The U.S. Trade Representative’s Office released a list of hundreds of European products that will get new tariffs, including cookies, salami, butter and yoghurt - but in many cases applied to only some EU countries, including German camera parts and blankets produced in the United Kingdom.
The list includes UK-made sweaters, pullovers, cashmere items and wool clothing, as well as olives from France and Spain, EU-produced pork sausage and other pork products other than ham, and German coffee. The new tariffs are to take effect as early as Oct. 18.
The U.S. Trade Representative’s Office said it would “continually re-evaluate these tariffs based on our discussions with the EU” and expects to enter talks in a bid to resolve the dispute.
Still some Italian foods — Parmesan Reggiano, Romano and provolone cheese — were hit with tariffs as were Italian fruits, clams and yoghurt. Also getting new tariffs are German and British camera parts, industrial microwave ovens, printed books, sweet biscuits and waffles.
The main target of the U.S. tariffs is Airbus aircraft made in the EU, which face 10% levy that could hurt U.S. airlines such as Delta (DAL.N) that have billions of dollars of Airbus orders waiting to be filled. EU products winning reprieves include chocolate, Greek, French and Portuguese olive oil, helicopters, frozen fish, lobster, sparkling wine, stemware and tiles.

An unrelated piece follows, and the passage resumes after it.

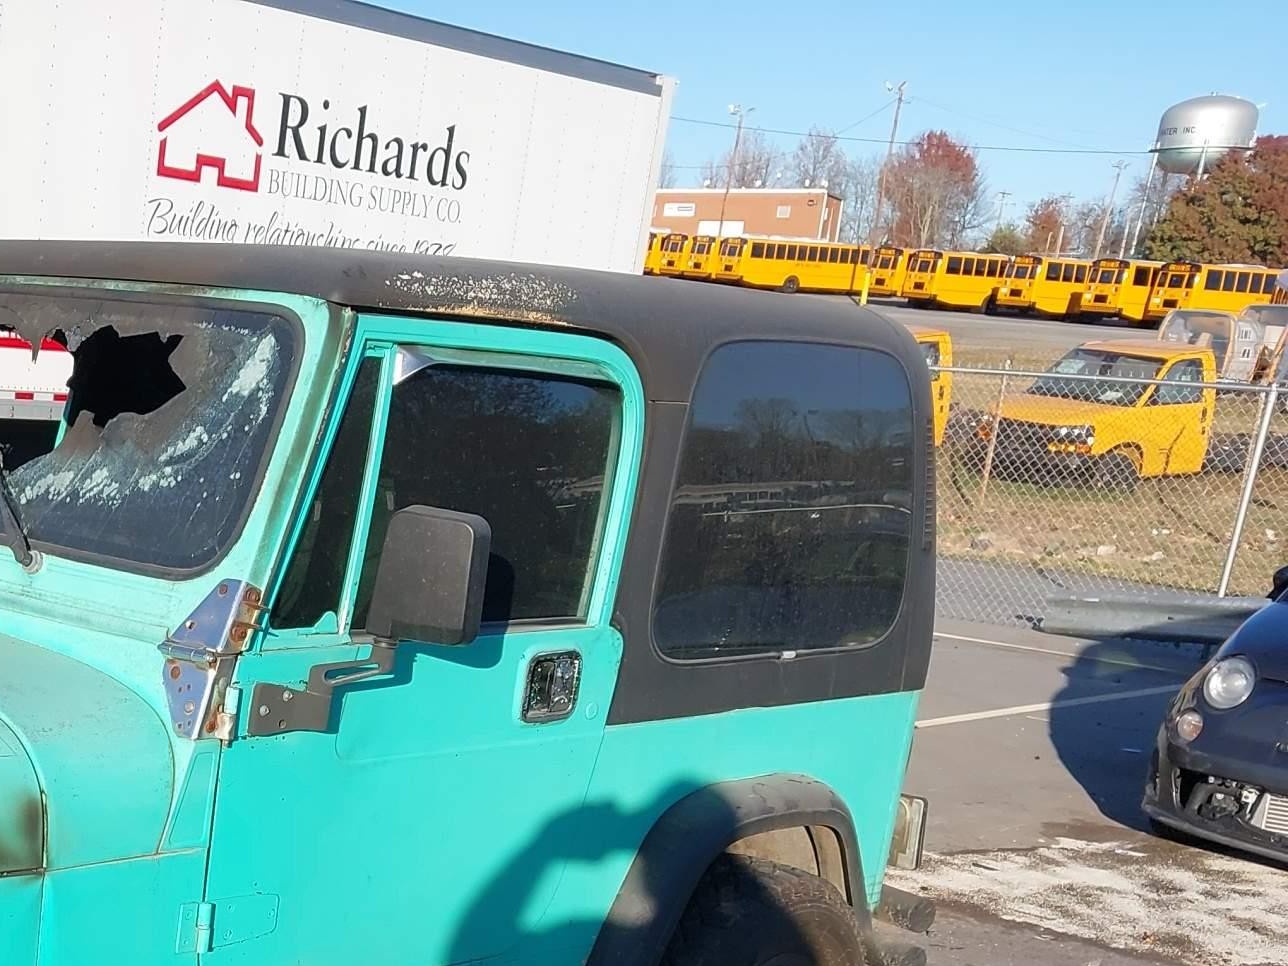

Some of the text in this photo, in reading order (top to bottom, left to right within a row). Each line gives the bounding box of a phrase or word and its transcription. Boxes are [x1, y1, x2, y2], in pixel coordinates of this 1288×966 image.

[272, 91, 470, 191] Richards
[267, 168, 462, 224] BUILDING SUPPLY CO.

Joseph Profaci, executive director of the North American Olive Oil Association, said a substantial portion of the imports initially threatened with tariffs were not on the list.

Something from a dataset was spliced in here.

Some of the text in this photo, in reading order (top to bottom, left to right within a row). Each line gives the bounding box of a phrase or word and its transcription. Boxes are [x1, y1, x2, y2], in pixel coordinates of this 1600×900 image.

“We’re still digesting what it will mean for the industry, but the total universe of oil affected has been greatly reduced,” he said.
Speciality food importers in August had urged the Trump administration to skip the tariffs, saying “there are few to no domestic products” that could replace the imported items.
The Specialty Food Association said the tariffs would affect 14,000 U.S. speciality food retailers and over 20,000 other food retailers.
Ralph Hoffman, executive vice president of New Jersey-based Schuman Cheese, one of the largest importers of hard Italian cheeses, said the tariffs could slash his firm’s imports by 30% in the middle of the critical holiday season.
“It looks pretty bad. They hit cheese hard,” said Hoffman, who is also a vice president with the Cheese Importers Association of America.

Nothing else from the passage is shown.